Exercise aim: Could you output each line below precisely as it stands, without the images?

[Free-text object descriptions]
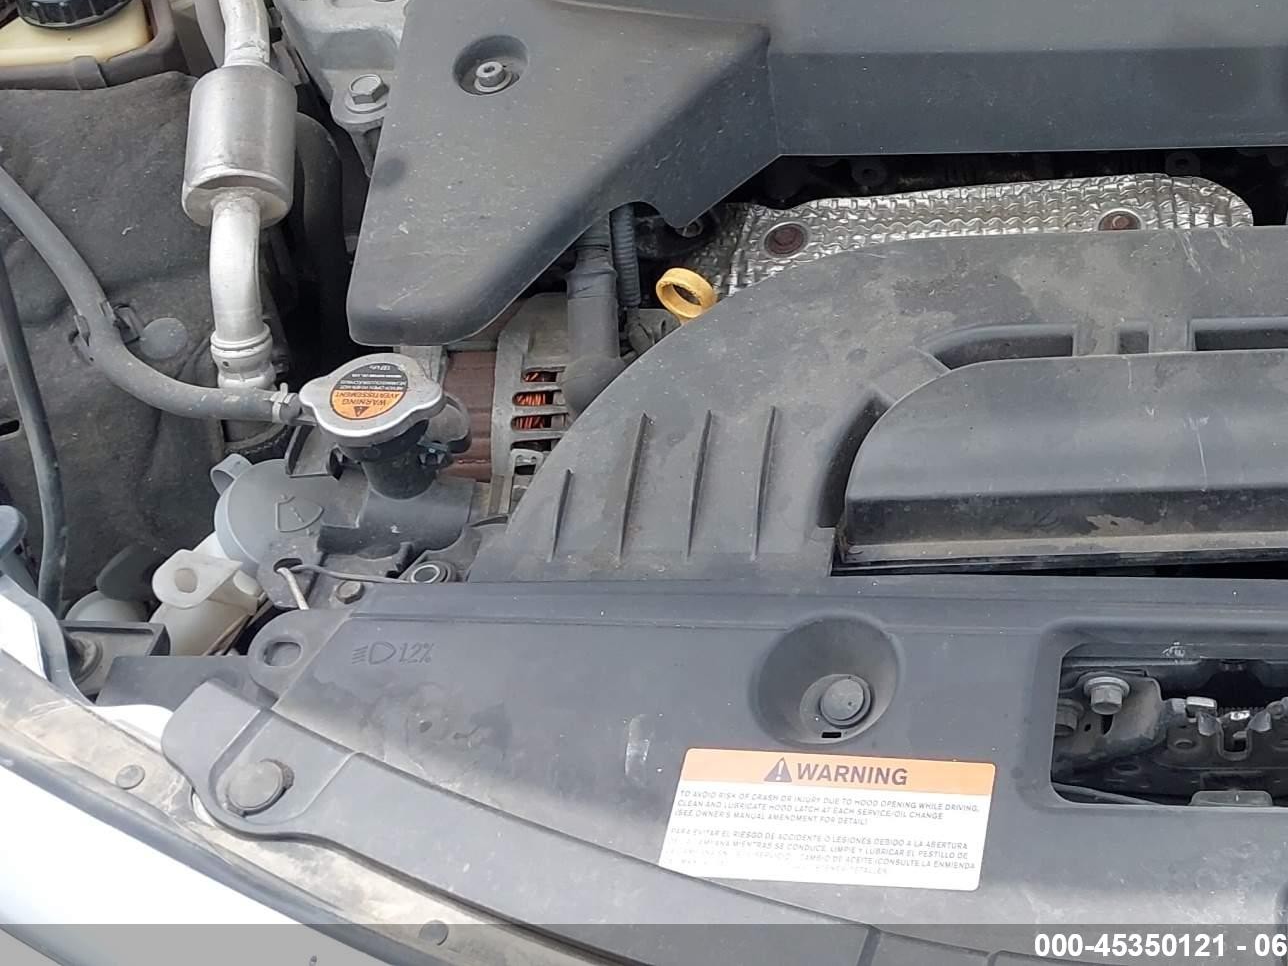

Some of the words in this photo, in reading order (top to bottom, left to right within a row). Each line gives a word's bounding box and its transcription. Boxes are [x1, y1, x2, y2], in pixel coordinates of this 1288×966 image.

[342, 398, 387, 406] WARNING
[797, 762, 909, 785] WARNING
[677, 799, 704, 808] CLEAN
[833, 807, 855, 815] EACH
[909, 811, 944, 820] CHANGE
[842, 798, 852, 806] TO
[854, 799, 878, 807] HOOD
[880, 800, 917, 809] OPENING
[918, 802, 943, 810] WHILE
[732, 831, 762, 839] RIESGO
[926, 841, 969, 850] ABERTURA
[918, 850, 955, 859] PESTILLO
[933, 860, 976, 870] ENMIENDA

Solution for this task:
Some of the words in this photo, in reading order (top to bottom, left to right within a row). Each line gives a word's bounding box and its transcription. Boxes are [x1, y1, x2, y2], in pixel coordinates of this 1288×966 image.

[342, 398, 387, 406] WARNING
[797, 762, 909, 785] WARNING
[677, 799, 704, 808] CLEAN
[833, 807, 855, 815] EACH
[909, 811, 944, 820] CHANGE
[842, 798, 852, 806] TO
[854, 799, 878, 807] HOOD
[880, 800, 917, 809] OPENING
[918, 802, 943, 810] WHILE
[732, 831, 762, 839] RIESGO
[926, 841, 969, 850] ABERTURA
[918, 850, 955, 859] PESTILLO
[933, 860, 976, 870] ENMIENDA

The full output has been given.